En algunas ocasiones los partos se adelantan y el bebé nace después de las 20 semanas de gestación y antes de finalizar las 37 semanas. A eso se le conoce como parto prematuro o parto pretérmino y produce una de las principales causas de mortalidad perinatal (70%).

Si se identifica una amenaza de parto prematuro el médico puede actuar y con ello detener lo más posible la presentación del parto antes de tiempo para darle al bebé oportunidad de que sus órganos maduren. En estos casos, cada día suma avances importantes al desarrollo del pequeño y por lo tanto disminuyen las probabilidades de enfermedades y mortalidad infantil.

Las principales complicaciones a largo plazo para el bebé que nace prematuro son: problemas respiratorios, trastornos cardiacos, parálisis cerebral, retraso mental y problemas visuales o auditivos, aunque no todos los niños que nacen pretérmino tendrán problemas de salud si se les cuida.
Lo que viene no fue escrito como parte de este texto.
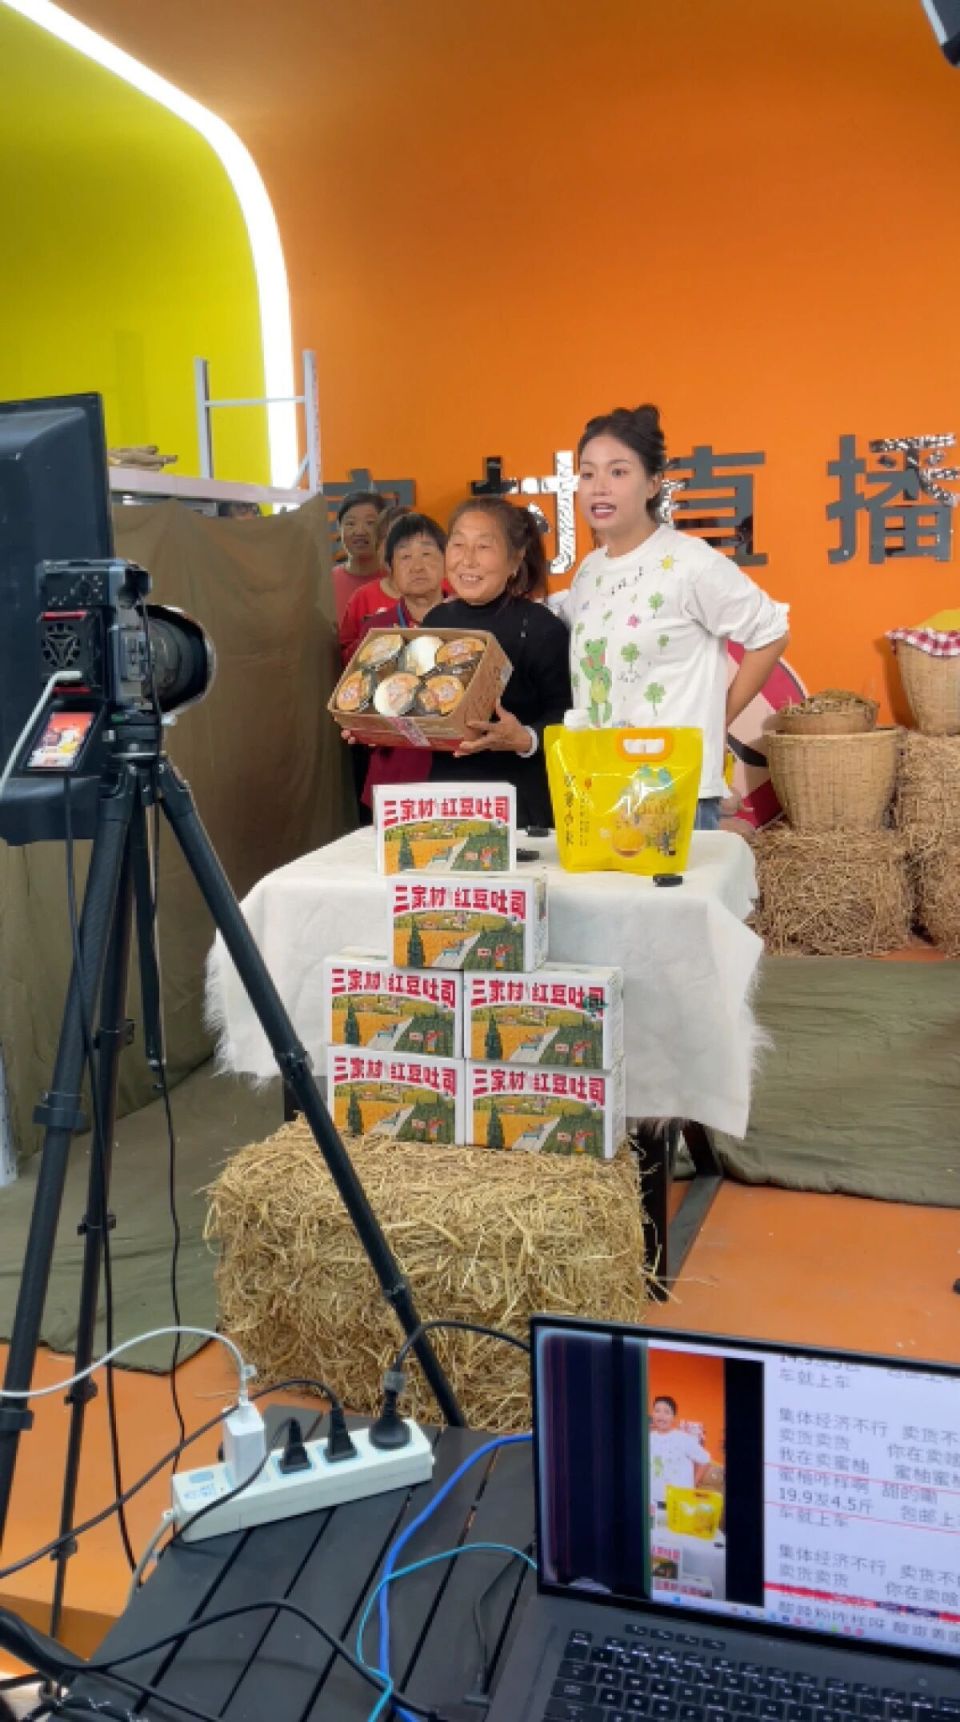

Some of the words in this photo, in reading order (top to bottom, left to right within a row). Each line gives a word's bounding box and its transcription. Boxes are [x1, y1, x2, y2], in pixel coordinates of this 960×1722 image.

[779, 1407, 889, 1438] 集体经济不行
[779, 1487, 872, 1514] 19.9发4.5斤
[779, 1543, 887, 1577] 集体经济不行
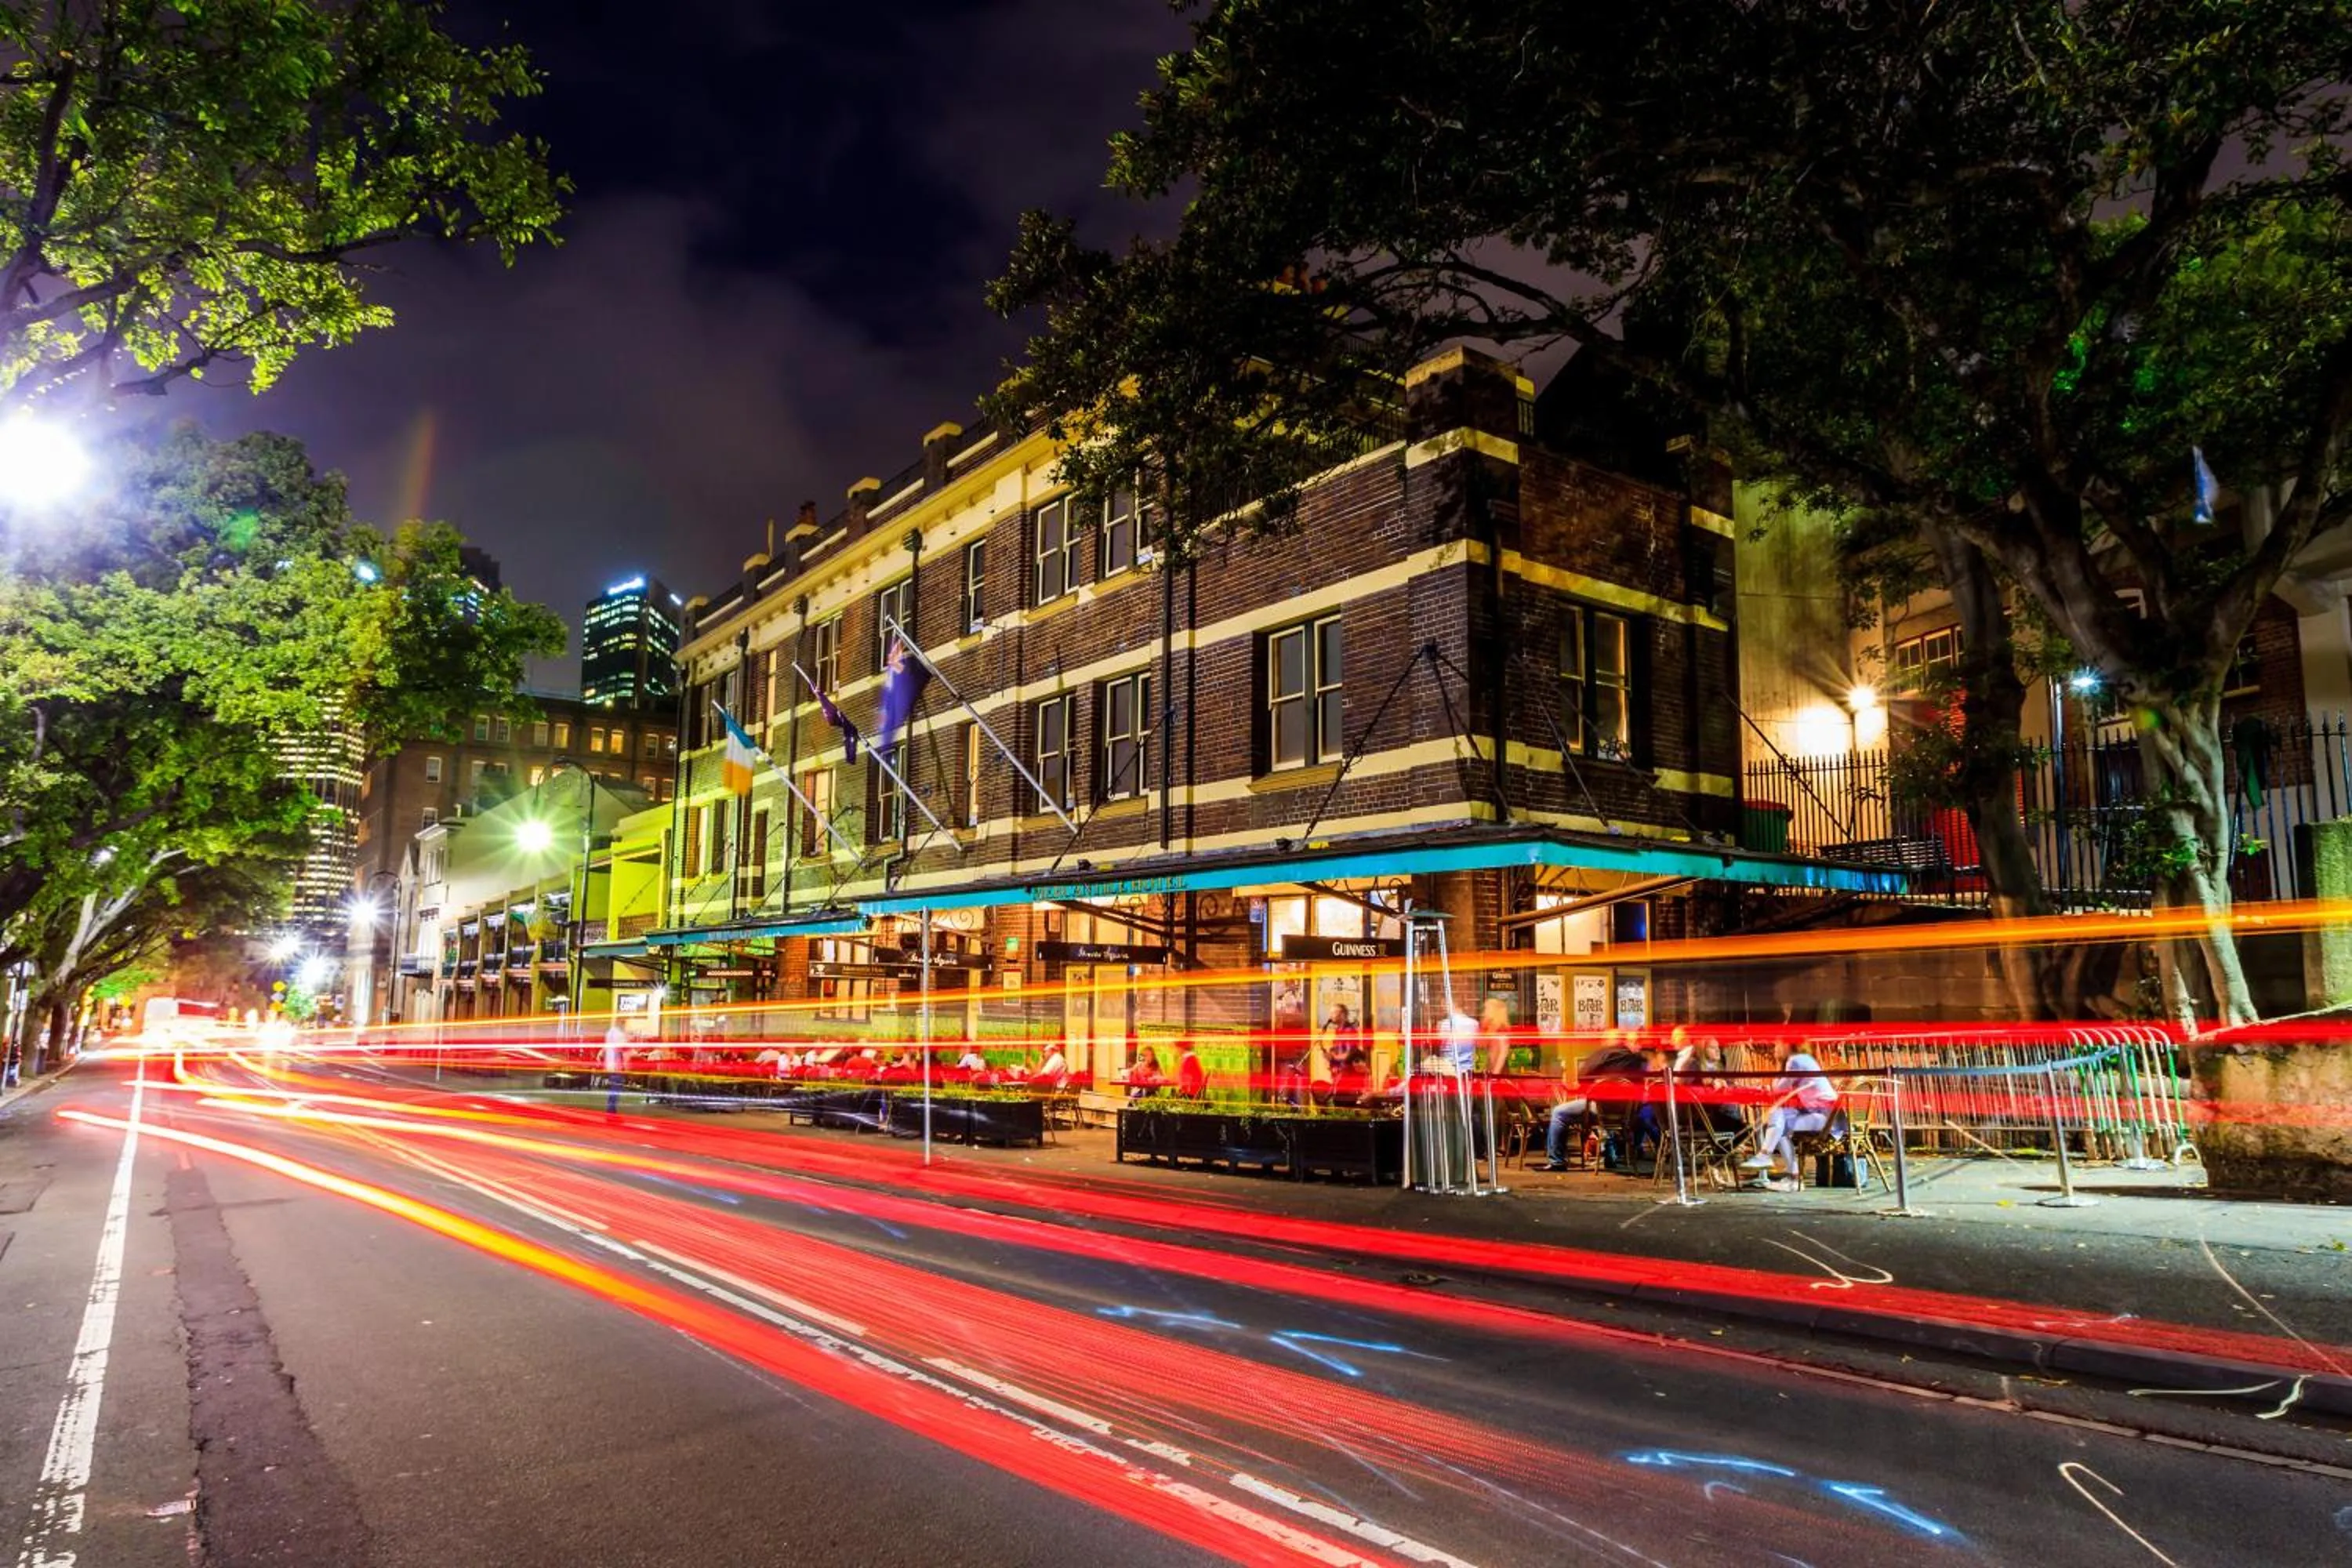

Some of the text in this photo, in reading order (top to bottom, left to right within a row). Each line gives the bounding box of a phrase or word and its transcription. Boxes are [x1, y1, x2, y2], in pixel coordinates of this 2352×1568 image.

[1131, 876, 1188, 892] HOTEL
[1332, 942, 1377, 956] GUINNESS
[1537, 997, 1559, 1012] AR
[1577, 998, 1603, 1012] BAR
[1620, 998, 1643, 1012] BAR
Existen algunos factores de riesgo para el parto prematuro aunque no son determinantes; es decir, puede haber mujeres que aparentemente no tengan factores de riesgo y que aún así su embarazo no llegue a término. Entre estos se encuentran:

·Antecedente de un parto prematuro
·Infecciones vaginales o urinarias en la mamá
·Embarazos múltiples
·Peso bajo de la madre
·Sensación de presión en la pelvis o sensación de dolor
·Ruptura prematura de membranas, entre otros…

En caso de tener sospecha de alguno de los factores, debes acudir lo más pronto posible a revisión del médico especialista.

La mejor forma de prevenir el parto prematuro es planeando tu embarazo y llevando un seguimiento adecuado con un profesional de la salud durante toda la gestación.